---------- Records provided

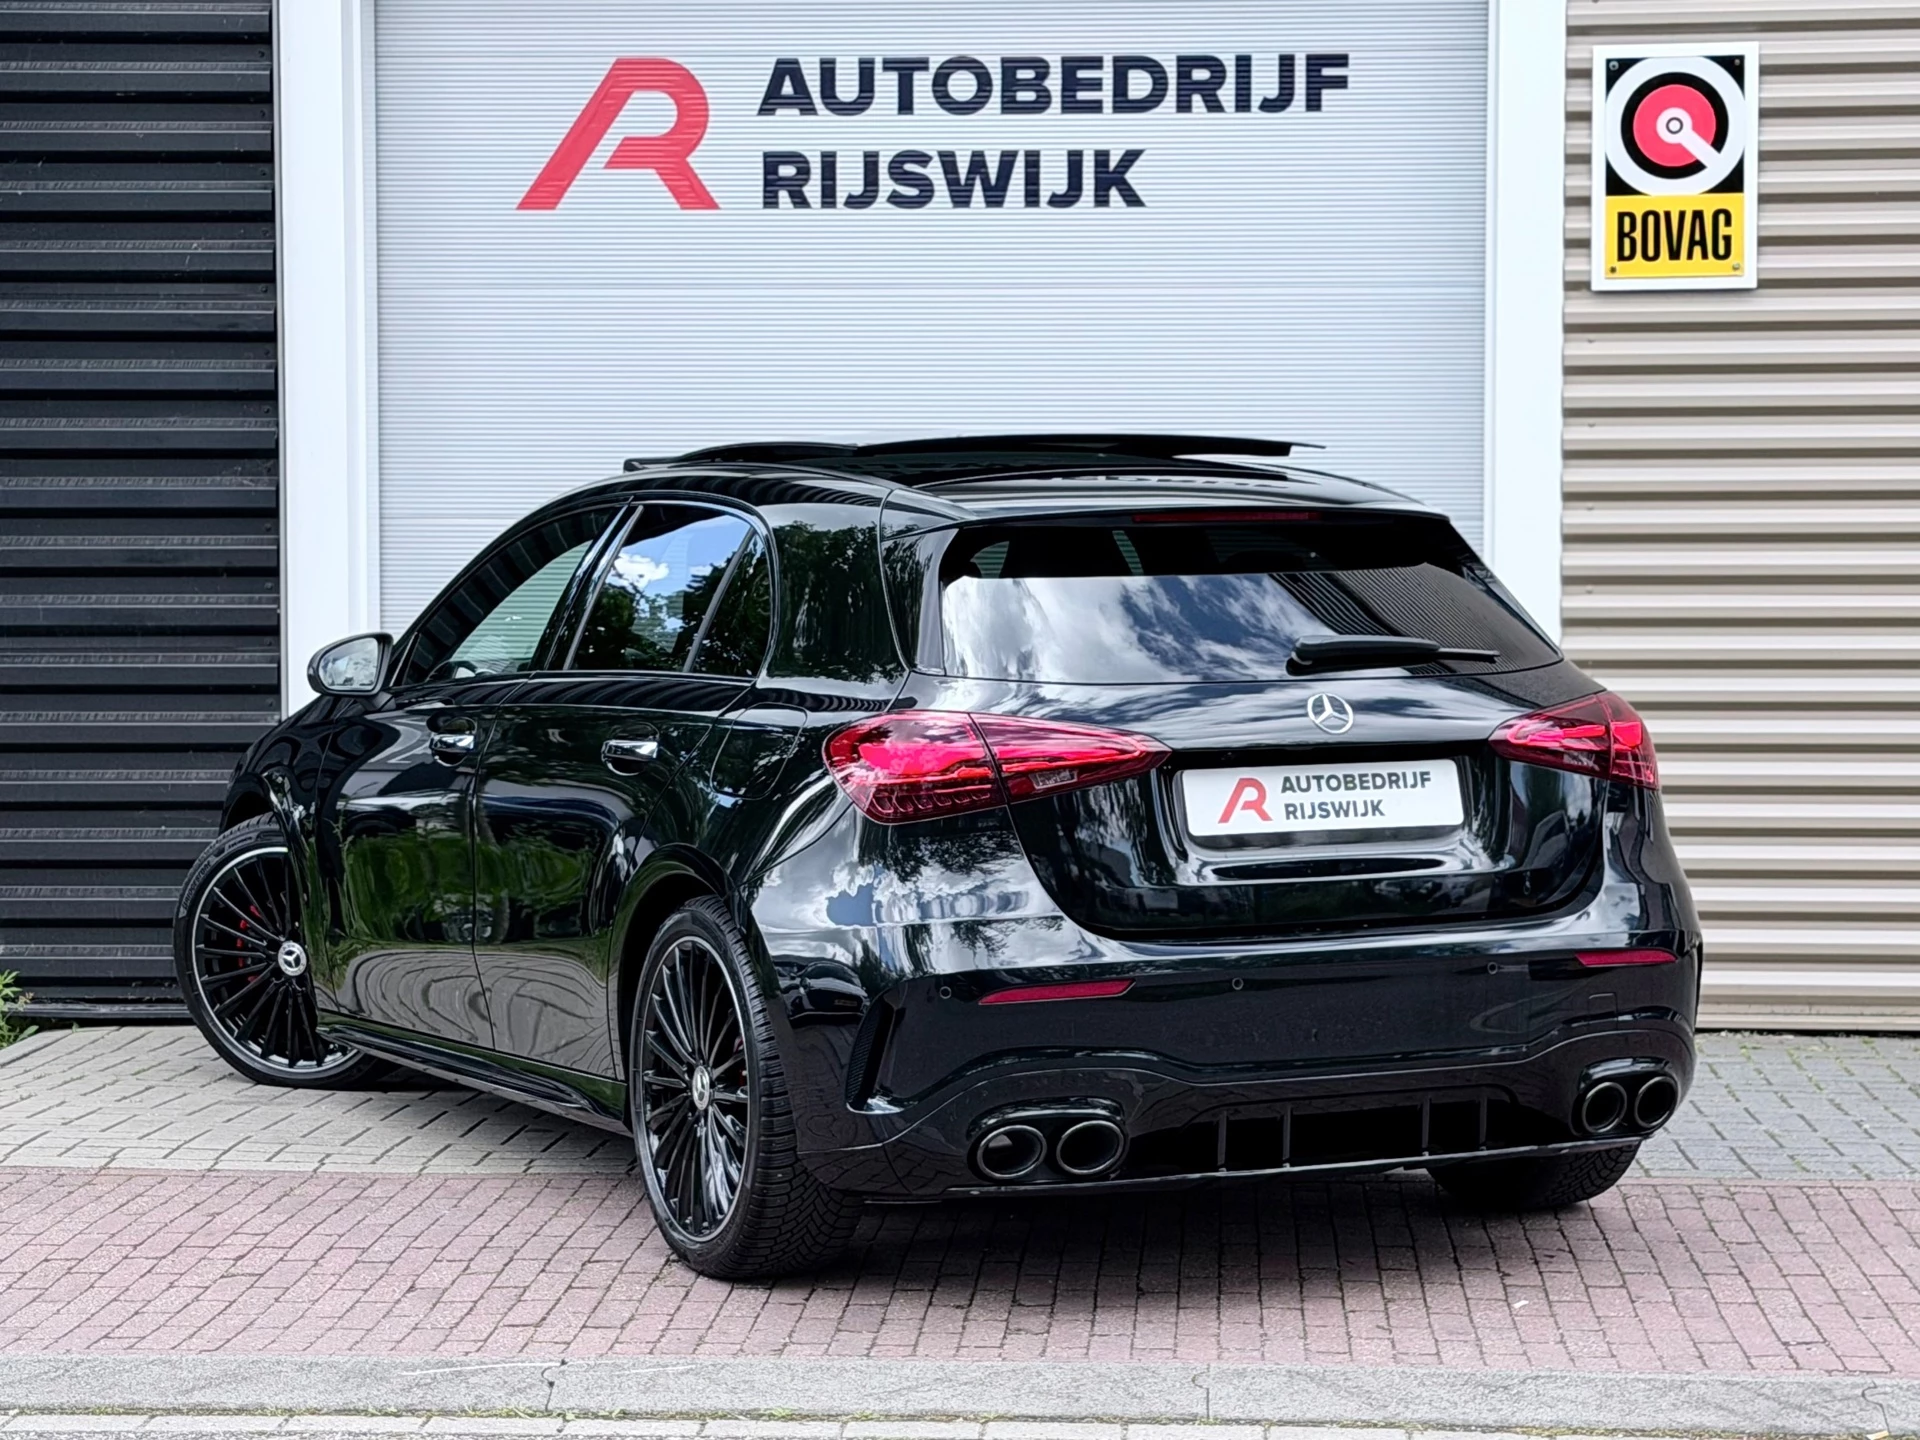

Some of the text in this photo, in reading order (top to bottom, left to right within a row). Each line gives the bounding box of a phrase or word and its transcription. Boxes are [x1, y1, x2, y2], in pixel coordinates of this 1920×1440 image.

[757, 53, 1350, 116] AUTOBEDRIJF
[761, 149, 1147, 210] RIJSWIJK
[1616, 208, 1733, 263] BOVAG
[1280, 770, 1432, 794] AUTOBEDRIJF
[1283, 799, 1386, 821] RIJSWIJK
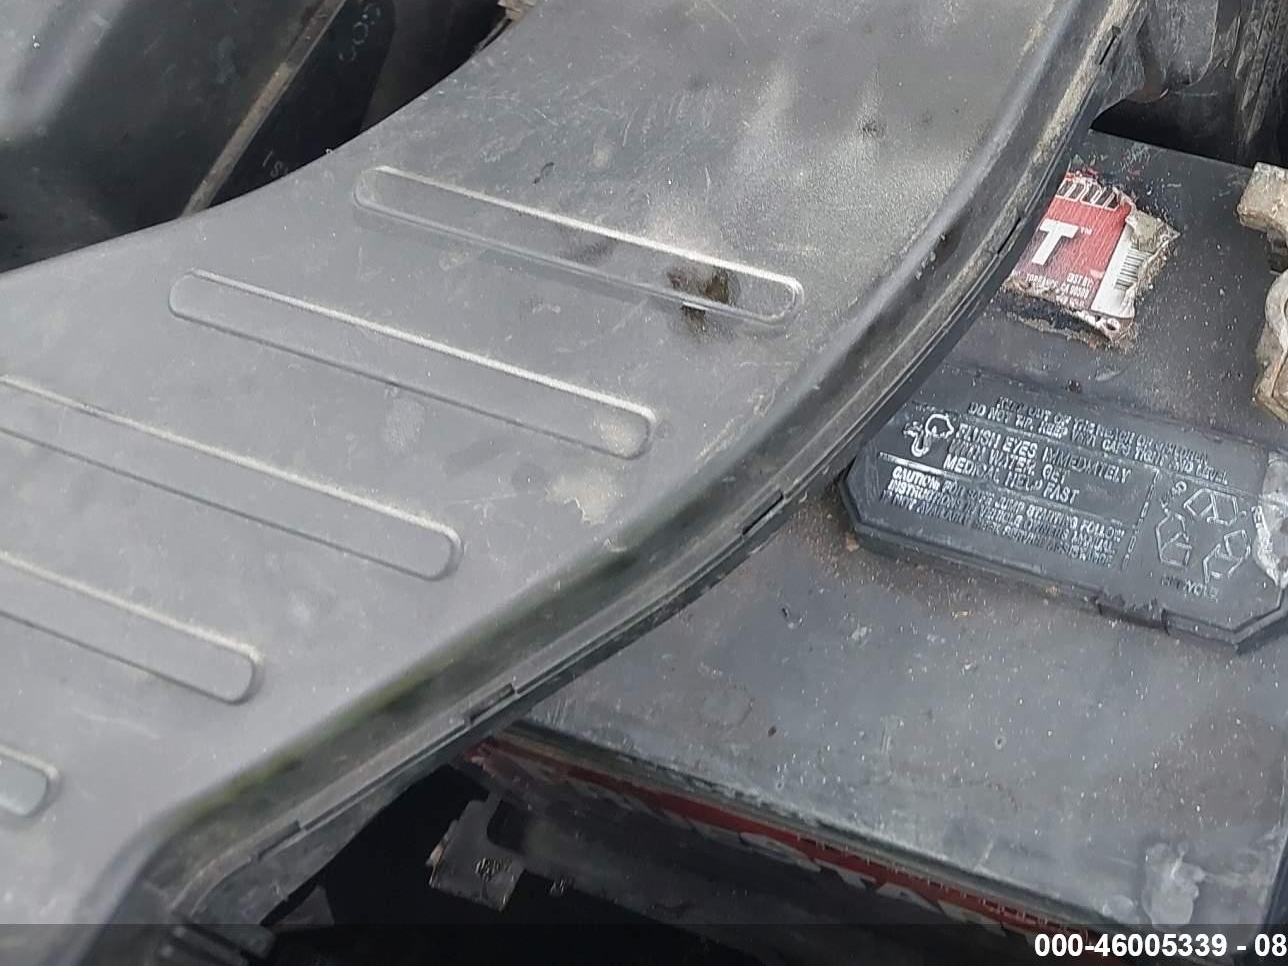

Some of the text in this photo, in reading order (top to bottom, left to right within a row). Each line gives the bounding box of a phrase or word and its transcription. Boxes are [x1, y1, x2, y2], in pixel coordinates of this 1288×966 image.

--------------------

§ **About this exercise**:
Only the pictures are to be left out; the rest of the material above should be printed verbatim.

§ **Solution to the exercise**:
Some of the text in this photo, in reading order (top to bottom, left to right within a row). Each line gives the bounding box of a phrase or word and its transcription. Boxes are [x1, y1, x2, y2], in pixel coordinates of this 1920×1440 image.

[757, 53, 1350, 116] AUTOBEDRIJF
[761, 149, 1147, 210] RIJSWIJK
[1616, 208, 1733, 263] BOVAG
[1280, 770, 1432, 794] AUTOBEDRIJF
[1283, 799, 1386, 821] RIJSWIJK

Some of the text in this photo, in reading order (top to bottom, left to right within a row). Each line gives the bounding box of a phrase or word and its transcription. Boxes are [x1, y1, x2, y2], in pixel coordinates of this 1288×966 image.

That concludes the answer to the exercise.